*** Material for this exercise

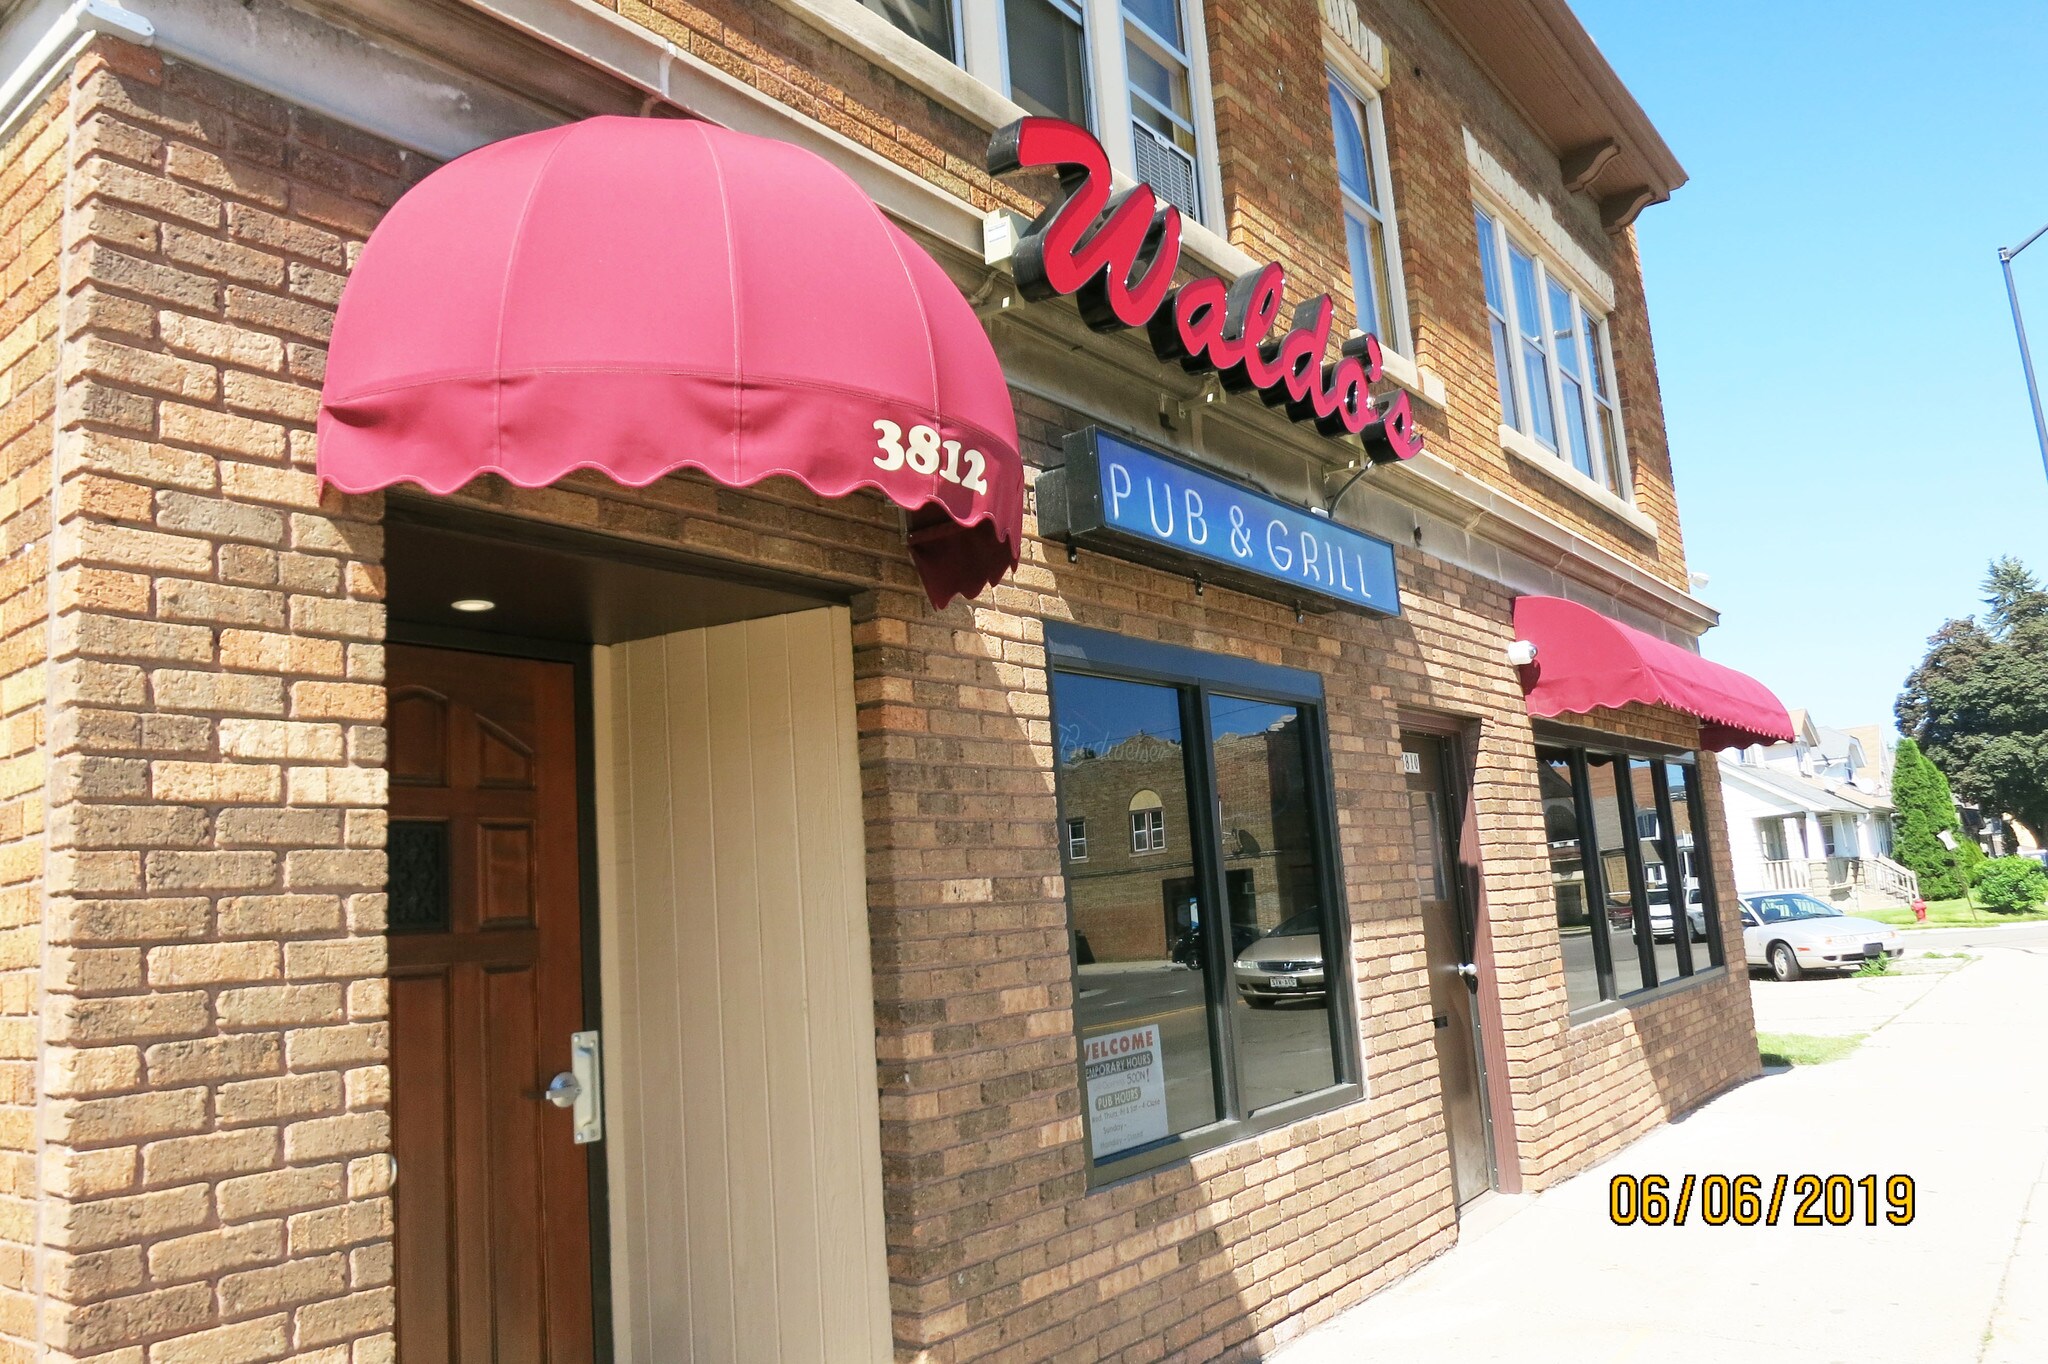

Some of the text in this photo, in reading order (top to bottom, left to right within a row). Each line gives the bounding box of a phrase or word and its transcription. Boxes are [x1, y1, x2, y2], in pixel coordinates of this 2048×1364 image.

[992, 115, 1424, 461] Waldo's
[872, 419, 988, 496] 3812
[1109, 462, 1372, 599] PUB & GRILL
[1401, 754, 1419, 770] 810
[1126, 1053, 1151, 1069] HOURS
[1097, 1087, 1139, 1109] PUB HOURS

******

_Problem statement_
Every entry above should be returned exactly, with no images included.

_Task answer_
Some of the text in this photo, in reading order (top to bottom, left to right within a row). Each line gives the bounding box of a phrase or word and its transcription. Boxes are [x1, y1, x2, y2], in pixel coordinates of this 2048×1364 image.

[992, 115, 1424, 461] Waldo's
[872, 419, 988, 496] 3812
[1109, 462, 1372, 599] PUB & GRILL
[1401, 754, 1419, 770] 810
[1126, 1053, 1151, 1069] HOURS
[1097, 1087, 1139, 1109] PUB HOURS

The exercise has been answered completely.